What exactly is the Netflix speed-binge feature?
While many people are focused on the 1.5x speed feature that Netflix is developing, it's important to note that that's not all that the feature does. According to Android Police, who originally broke the news, Netflix users will have the option to control their playback speed in multiple ways. They can fast-forward at 1.25x and 1.5x speed, but they can also slow it down at 0.5x or 0.75x speed.
Choosing playback speed isn't exactly a new concept. Youtube, for instance has had the option for many years. But the difference is that Youtube creators are uploading their own content with the knowledge that their fans can speed through their videos or slow them down at their own leisure. What Netflix is finding out is that Hollywood creatives aren't thrilled with the fact that Netflix is making the decision to allow viewers to choose playback speed without the creators' consent.
So what is Hollywood saying about the speed binge feature?
One of the biggest naysayers of the potential feature is Judd Apatow, director of such comedy classics as Knocked Up and The 40-Year-Old Virgin.
Upon hearing the news about Netflix testing allowing users to choose playback speed, he tweeted, "No Netflix no.
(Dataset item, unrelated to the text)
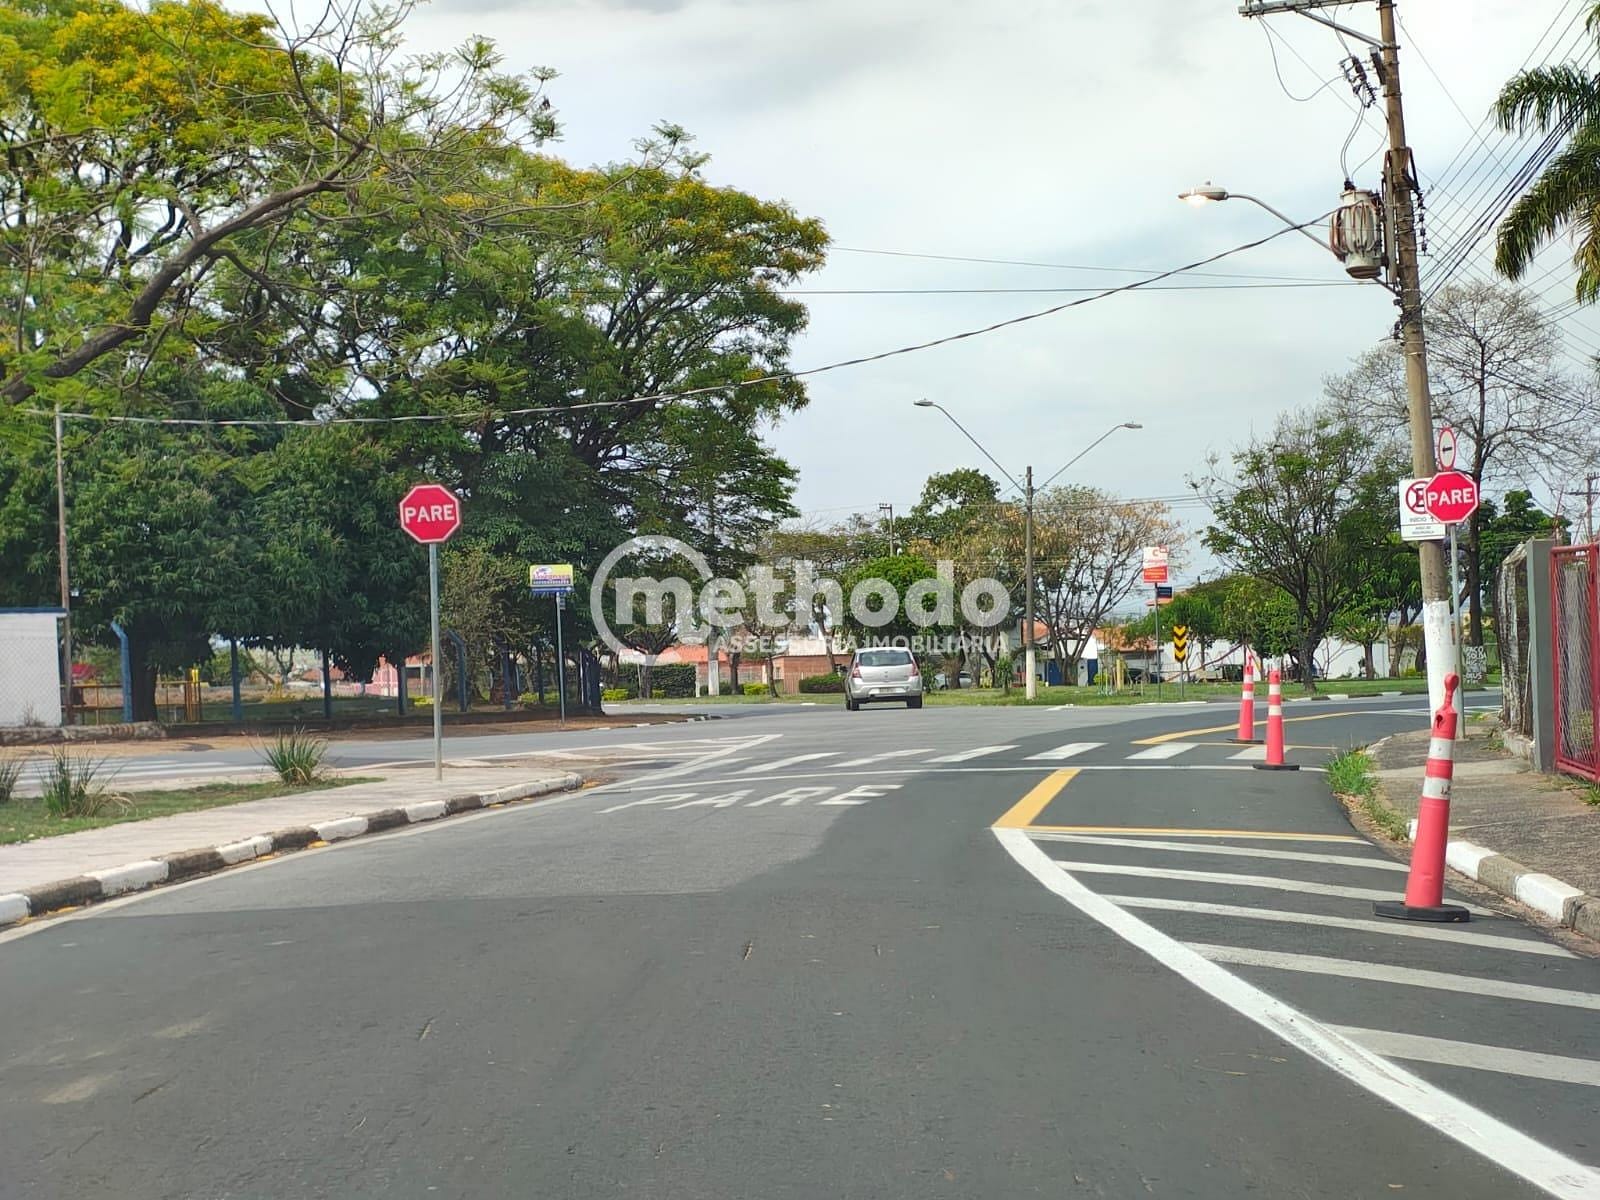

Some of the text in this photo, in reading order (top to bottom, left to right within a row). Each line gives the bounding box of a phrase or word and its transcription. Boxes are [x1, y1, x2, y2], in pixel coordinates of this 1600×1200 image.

Don’t make me have to call every director and show creator on Earth to fight you on this. Save me the time. I will win but it will take a ton of time. Don’t f--k with our timing. We give you nice things. Leave them as they were intended to be seen."
When he received a few responses from Netflix users saying that they would like the playback option, he followed up, saying, "People should be allowed to do it if the artist or creator is OK with it. If you want to go watch The Godfather in 90 min then go invent your own personal machine. Streamers should not be allowed to present content which is not the way it was intended to be seen without approval."
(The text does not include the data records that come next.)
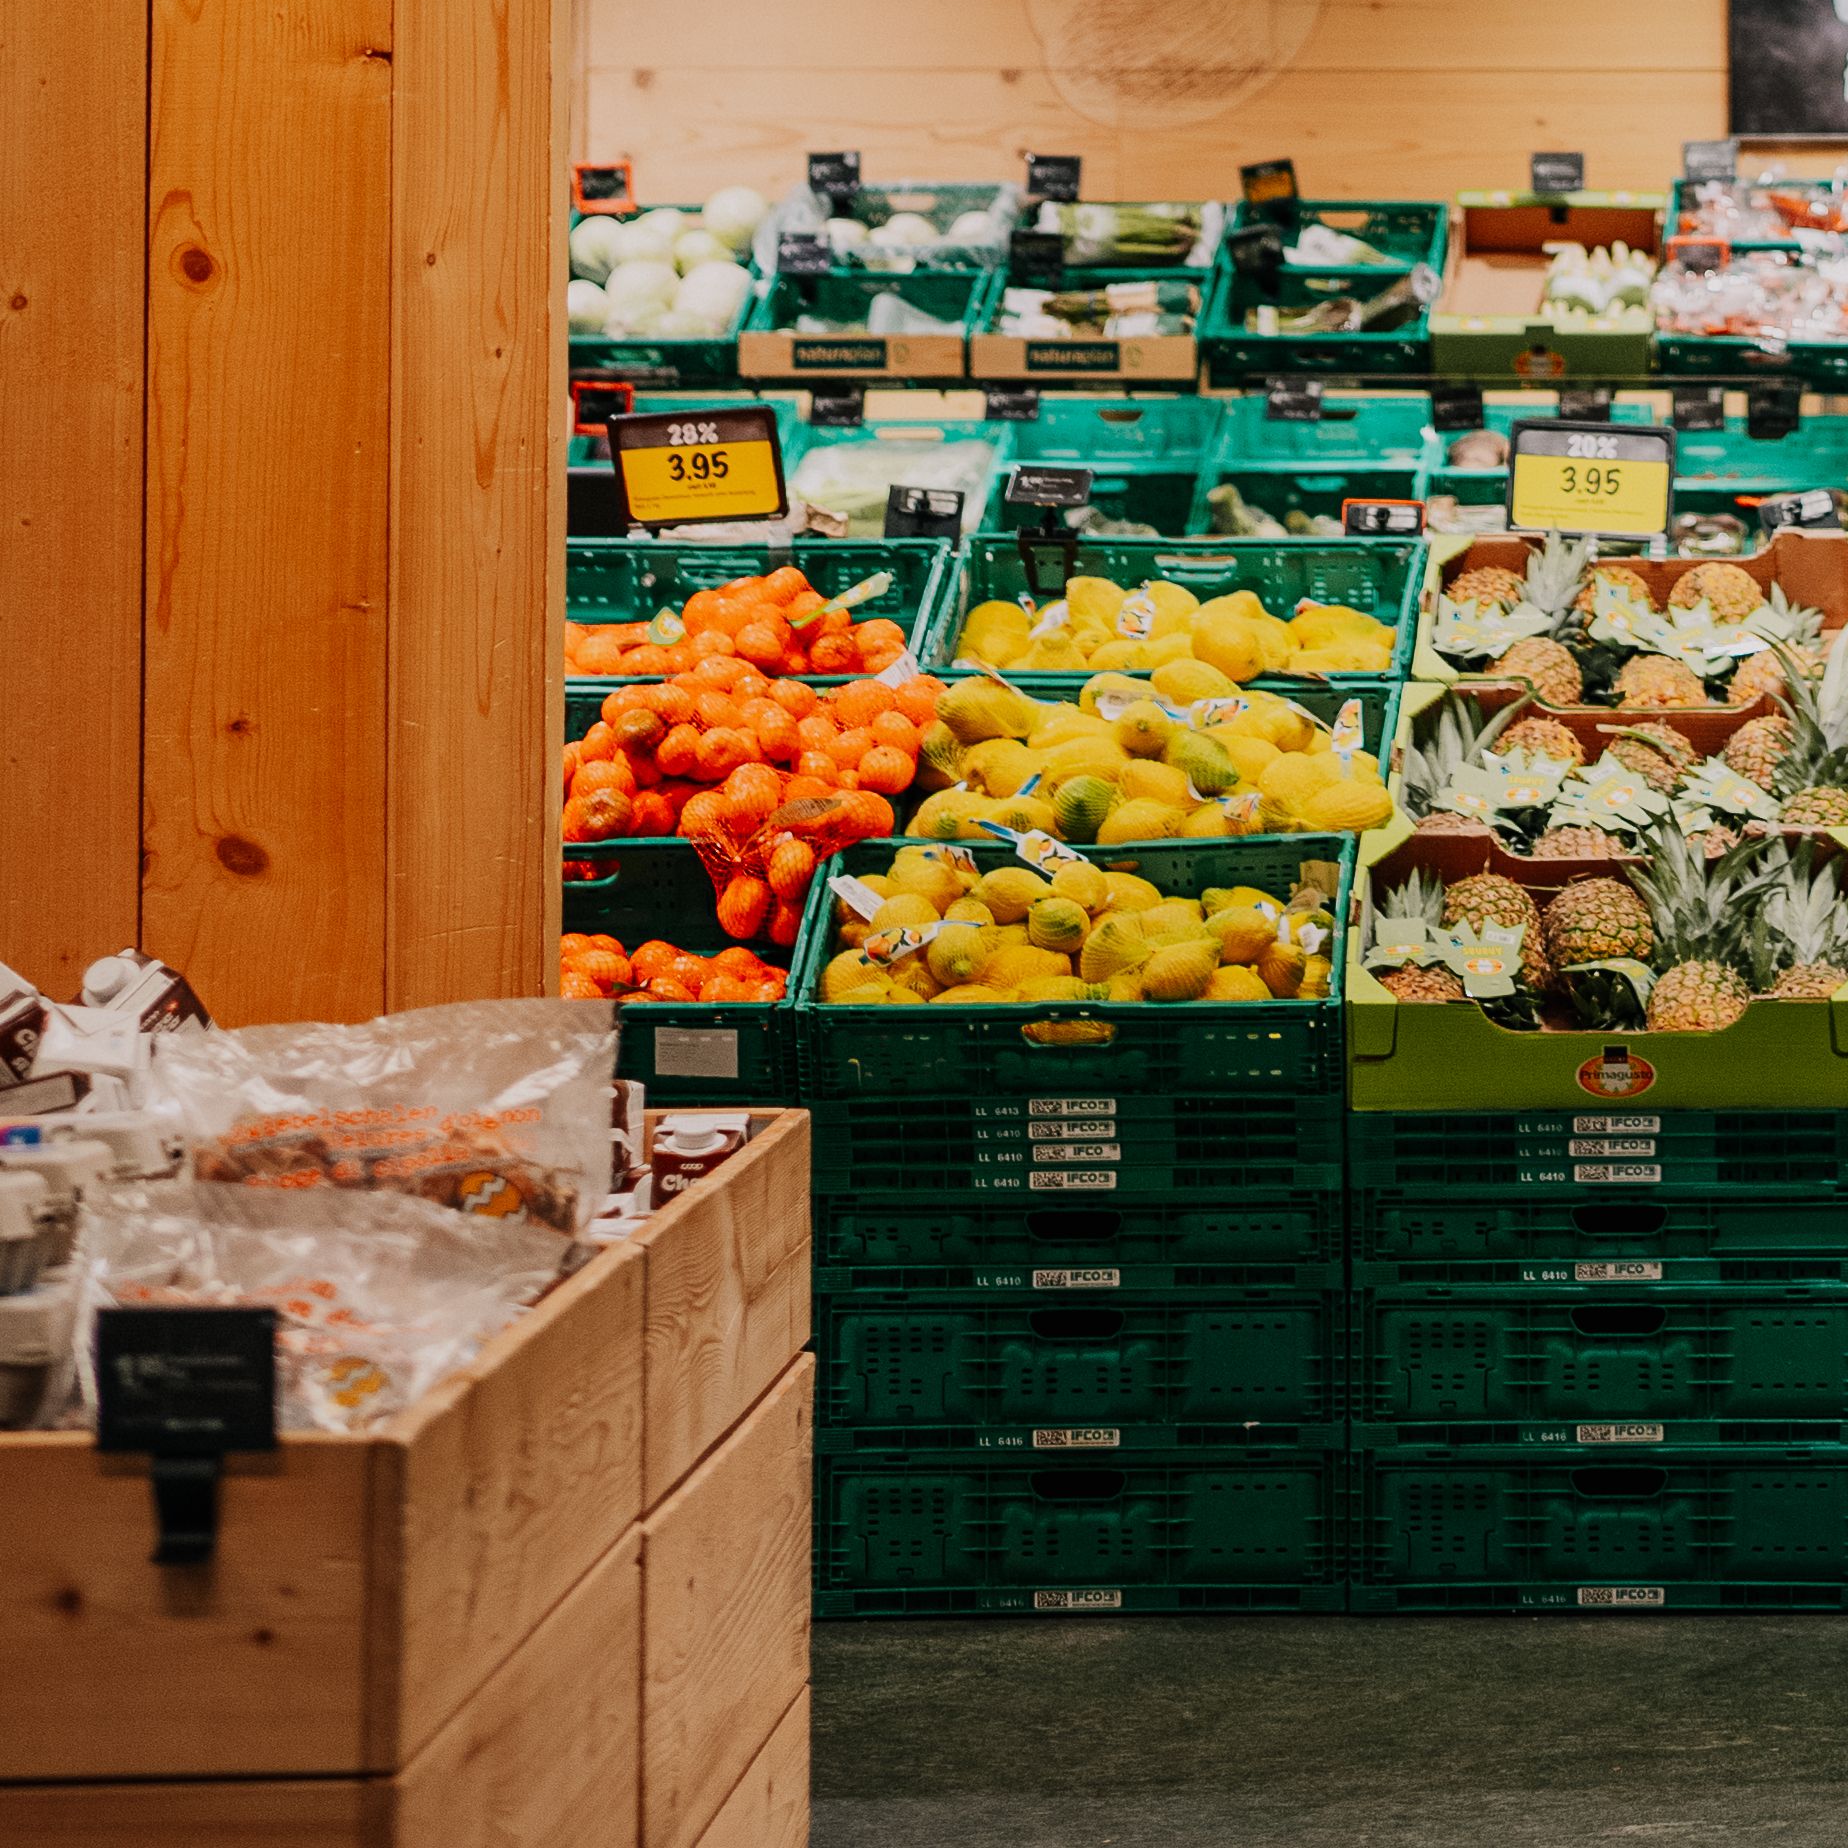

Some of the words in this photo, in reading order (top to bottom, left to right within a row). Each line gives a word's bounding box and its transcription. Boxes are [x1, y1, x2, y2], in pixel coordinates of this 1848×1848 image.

[667, 422, 719, 445] 28%
[1567, 434, 1619, 459] 20%
[667, 451, 729, 481] 3.95
[1561, 466, 1621, 495] 3.95
[1580, 1070, 1654, 1081] Primagusto
[1066, 1101, 1097, 1110] IFCO
[975, 1107, 987, 1116] LL
[1067, 1122, 1098, 1132] IFCO
[1611, 1117, 1641, 1127] IFCO
[1518, 1123, 1531, 1133] LL
[977, 1130, 989, 1139] LL
[1608, 1140, 1639, 1150] IFCO
[1072, 1146, 1103, 1155] IFCO
[978, 1153, 991, 1162] LL
[997, 1153, 1023, 1162] 6410
[1612, 1166, 1643, 1176] IFCO
[1067, 1173, 1097, 1183] IFCO
[1520, 1172, 1533, 1182] LL
[1539, 1172, 1566, 1182] 6410
[975, 1178, 987, 1188] LL
[1614, 1264, 1644, 1274] IFCO
[1070, 1271, 1101, 1281] IFCO
[1523, 1271, 1536, 1281] LL
[1541, 1270, 1568, 1281] 6410
[976, 1276, 989, 1286] LL
[995, 1276, 1021, 1286] 6410
[1071, 1430, 1102, 1441] IFCO
[1614, 1425, 1645, 1436] IFCO
[979, 1436, 991, 1447] LL
[1072, 1591, 1103, 1602] IFCO
[1616, 1589, 1647, 1599] IFCO
Upon seeing that he was prominently featured in an UPROXX article about the potential playback option, Aaron Paul also spoke out on Twitter. He put the ball in Netflix's court, saying, "Stop. As the person talked about in this article I felt the need to speak out. There is NO WAY Netflix will move forward with this. That would mean they are completely taking control of everyone else’s art and destroying it. Netflix is far better than that. Am I right Netflix?"
As of now, Netflix hasn't addressed the backlash directly, but they did issue a statement saying, "We have no plans to roll any of these tests out in the short term. And whether we introduce these features for everyone at some point will depend on the feedback we receive."
Judging by the feedback so far, we might be able to say goodbye to the speed-binge already.